■ **WHAT THE TASK REQUIRES**
Return the records in full, exactly as given.

■ **RECORDS SHOWN**

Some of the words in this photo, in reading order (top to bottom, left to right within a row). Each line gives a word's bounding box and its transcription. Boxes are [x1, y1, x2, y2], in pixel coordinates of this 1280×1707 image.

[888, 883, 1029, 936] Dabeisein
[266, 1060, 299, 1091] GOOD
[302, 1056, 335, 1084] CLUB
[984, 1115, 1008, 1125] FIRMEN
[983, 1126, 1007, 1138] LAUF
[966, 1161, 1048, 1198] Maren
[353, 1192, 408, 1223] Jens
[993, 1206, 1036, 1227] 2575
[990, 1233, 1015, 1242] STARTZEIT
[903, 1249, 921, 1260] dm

■ **RESPONSE FOR THIS EXERCISE**
Some of the words in this photo, in reading order (top to bottom, left to right within a row). Each line gives a word's bounding box and its transcription. Boxes are [x1, y1, x2, y2], in pixel coordinates of this 1280×1707 image.

[888, 883, 1029, 936] Dabeisein
[266, 1060, 299, 1091] GOOD
[302, 1056, 335, 1084] CLUB
[984, 1115, 1008, 1125] FIRMEN
[983, 1126, 1007, 1138] LAUF
[966, 1161, 1048, 1198] Maren
[353, 1192, 408, 1223] Jens
[993, 1206, 1036, 1227] 2575
[990, 1233, 1015, 1242] STARTZEIT
[903, 1249, 921, 1260] dm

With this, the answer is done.